Exercise had a positive effect on change in HRQoL scores at 12 weeks and six months of evaluation, and it improved cancer-specific HRQoL in breast cancer concerns. The effect on HRQoL remained after exclusion of patients who were receiving active treatment. For cancer-specific HRQoL, there was significant improvement in exercise groups compared with controls for breast cancer concerns at baseline to 12 weeks and six months. There was a significant decrease in anxiety in the exercise group compared to controls at 12 weeks only (standardized mean difference [SMD] = -0.26; 95% confidence interval [CI] [-0.44, -0.07]) but not in breast cancer-only analysis. There was a high risk of bias in most of these studies, and when these were removed, the results were not significant. Significant differences were noted in body image at follow-up (12 weeks to six months and beyond) using the Rosenberg Self-Esteem Scale. Significant change scores were noted for cancers other than breast for improving depression scores (SMD = -0.46; 95% CI [-0.72, -0.19]). Significant improvements were noted in emotional well being (12 weeks) and fatigue (12 weeks and 6 months) (SMD = -0.42; 95% CI [-0.83, -0.02]). No effects after six months were seen for fatigue, and effects were not significant when studies involving patients during treatment were excluded. Improvement in pain using follow-up scores (12 weeks) was seen (SMD = -0.29; 95% CI [-0.55, -0.04]), but this was from a single trial. Positive effects were noted in sexuality scores at six months and sleep disturbance at 12 weeks (sleep SMD = -0.46; 95% CI [-0.72, -0.20]). Significant improvements were noted in change scores for social functioning (12 weeks and six months). No significant changes were noted in cognitive function, general health perspective, role function, and spirituality in exercise trials.

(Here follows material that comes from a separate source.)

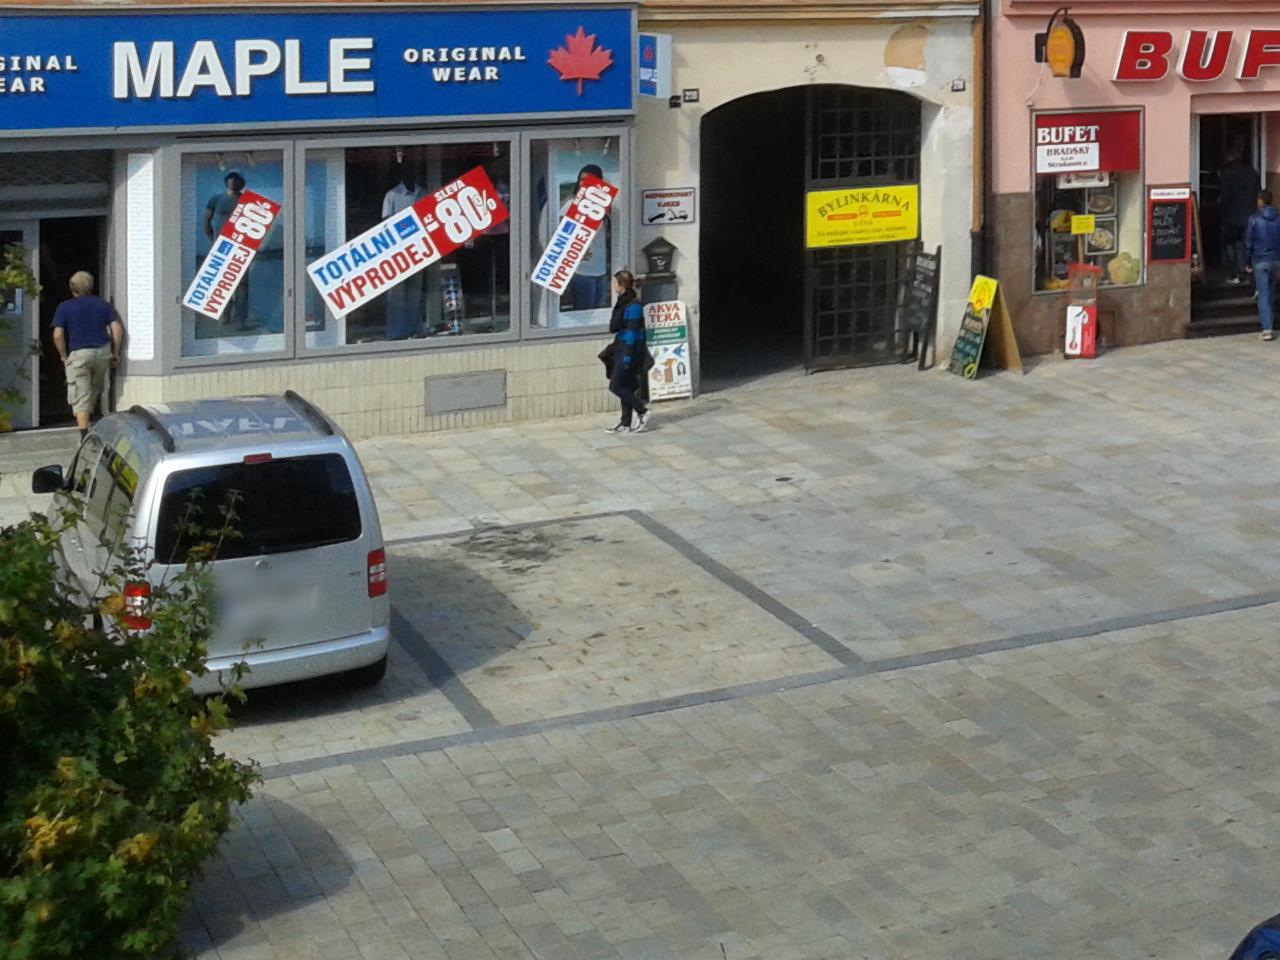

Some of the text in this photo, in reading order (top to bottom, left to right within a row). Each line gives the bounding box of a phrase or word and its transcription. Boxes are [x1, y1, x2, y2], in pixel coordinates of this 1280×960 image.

Exercise interventions showed beneficial effects on HRQoL and some HRQoL domains, including breast cancer concerns, body image, emotional well being, sexuality, sleep disturbances, social functioning, anxiety, fatigue, and pain at various follow-up time points.


  • Studies included used exercise programs of various types, intensity levels, and lengths.
  • Significant effects found tended to be in subgroups of patients or at only one time point, limiting the confidence in observed effects.
  • Measures of HRQoL varied, creating heterogeneity among the studies in how HRQoL was quantified.
  • There was a high risk of bias in the trials reviewed. In many cases, no significant effects were seen when analyzing changes in symptoms from baseline to follow-up time points, and significant findings were seen in comparing only follow-up scores between various comparison groups. Results should be used with caution for these reasons.

Nursing Implications

Findings supported the general benefit of exercise for patients with cancer; however, there is further need for research to verify the positive effects of exercise on symptoms of cancer in various patient groups and at various phases of cancer care. These future research studies should determine how to produce larger effect sizes over time and delineate predictors of that effect, such as type of exercise, intensity of the program, timing, and type of cancer and treatment in order to maximize the effect on QoL. It will be important to note that certain questionnaires can affect the outcomes, and consistency would improve this body of research.